Katherine Irene Pettus, PhD
If you remove from your midst / oppression… then light shall rise for you in the darkness, / and the gloom shall become for you like midday.
I came to you in weakness and fear and much trembling, and my message and my proclamation were not with persuasive words of wisdom, but with a demonstration of Spirit and power, so that your faith might rest not on human wisdom but on the power of God.
I. Corinthians 2:1-5
Much of the talk about “drug policy” in local, national, and international circles I move in focuses on the concept of “security” and indeed, much of drug policy is now “securitized” – meaning that politicians connect the threat of “drugs” with threats to national security, combating it with increased law enforcement funding and intelligence services. The rationale is that drugs not only threaten individual and public health, but that trafficking and money laundering destabilize good governance, sustainable development, human rights, etc.
There is no doubt that many individuals, families, and communities experience the very negative and often tragic effects of illegal drug use and trafficking. My family is only one of the millions suffering the effects of prohibition and mass incarceration. The question, though, is whether it is “drugs” themselves – the plants and pharmaceutical preparations that cause narcotic effects, that are the problem, or the fact that they are illegal and therefore unregulated. By definition, their illegality puts the drug economy in the hands of criminals and international criminal networks. People who use drugs, whether for pleasure, because they are “dependent,” or are “addicted” must then also participate in criminal networks, often at the cost of their health and their lives.

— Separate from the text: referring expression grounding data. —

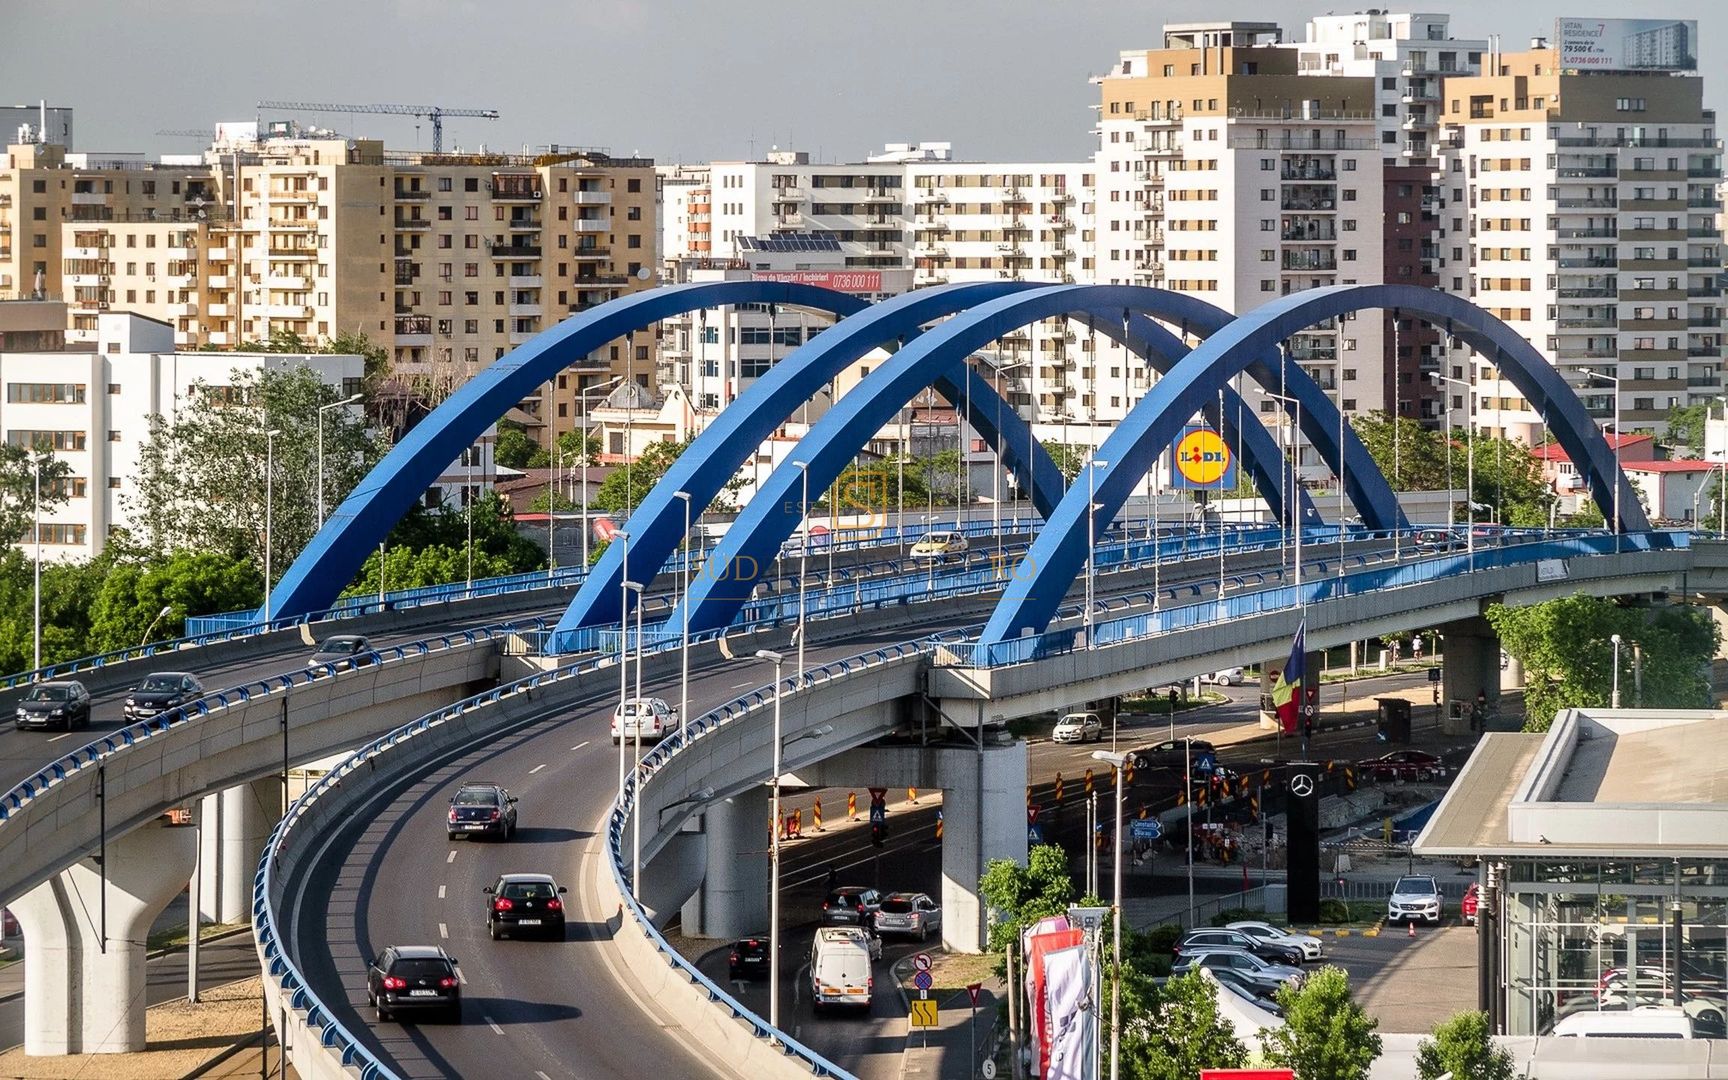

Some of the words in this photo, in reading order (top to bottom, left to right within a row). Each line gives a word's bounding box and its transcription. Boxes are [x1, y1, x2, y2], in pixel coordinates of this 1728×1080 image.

[1598, 24, 1605, 37] 7
[832, 274, 850, 288] 0736
[851, 274, 866, 288] 000
[866, 273, 880, 288] 111
[987, 1064, 992, 1075] 5

What on earth, or in heaven’s name, you might be wondering, might this have to do with faith, or with religion, or even today’s readings? A lot. The oppression Isaiah names, which must be removed, is the illegality and stigma that accompanies drug use. That oppression brands people who use drugs as outsiders, as separate, or unholy, and is reminiscent of the illegality, ostracism, and repulsion that branded the lepers and “demoniacs” Jesus healed from his compassion. Purity laws, whether Talmudic, Christian, or secular (in the form of drug prohibition) by definition separate people considered ‘unclean’ from the body of Christ and the Kingdom. Jesus very intentionally turned those laws upside down when he touched the ‘impure’: bleeding women and sex workers, paraplegics, schizophrenics, the dying, and even the dead. It seems self evident that, as Isaiah said, and Jesus demonstrated, removing oppression from our midst brings light.
Paul’s disarming admission of weakness, which he (counter) intuitively understands as Power, combines two apparent opposites that generate the paradoxical resource of vulnerability. This universal, incredibly uncomfortable, aspect of the human condition, makes us shriek as infants, and use substances or activities (alcohol, coffee, tobacco, sex, shopping, or narcotics] as young people and adults. Paul’s letter puts us on notice that our search for the (individual or collective) security that temporarily offsets our vulnerability is futile. As one who oppressed the vulnerable himself – Saul, Saul why do you persecute me? –would have rung in his ears through his dying moments, Paul learned at a molecular level on the road to Damascus that the current of Power only flows through the fabric of utter defenselessness.
Jesus tells the disciples that we are the salt of the earth and the light of the world, a light that must not be hidden. Apparently speaking in riddles, he asks what salt can be seasoned with once it loses its taste. His/our vulnerability is our saltiness: even our tears are salty, and the moment we try to armor ourselves against the “weakness, fear, and much trembling” Paul describes, by scapegoating and sacrificing others, we lose our savor and dim our inherent and collective radiance. Societies that support rather than punish vulnerable people who use drugs are more resilient and have better public health outcomes than those that try to stamp them out in the futile effort to create a “drug free society”.
The apparent power of the state (us) to criminalize drug use only empowers traffickers, police, and prison guards. Admitting and sharing our individual and collective defenselessness in the face of our very human desire to alter our consciousness, paradoxically returns to us the power to remove oppression, casting a very different light on the “drug problem” and allowing us to begin resolving it together, in the parliament of the Kingdom that admits of no outsiders.
Katherine Pettus, PhD is an independent scholar and consultant who represents the International Association for Hospice and Palliative Care as an NGO at the Commission on Narcotic Drugs in Vienna. She is also a convert to the Roman Catholic faith and a member of the English community of Sacred Heart church in Budapest.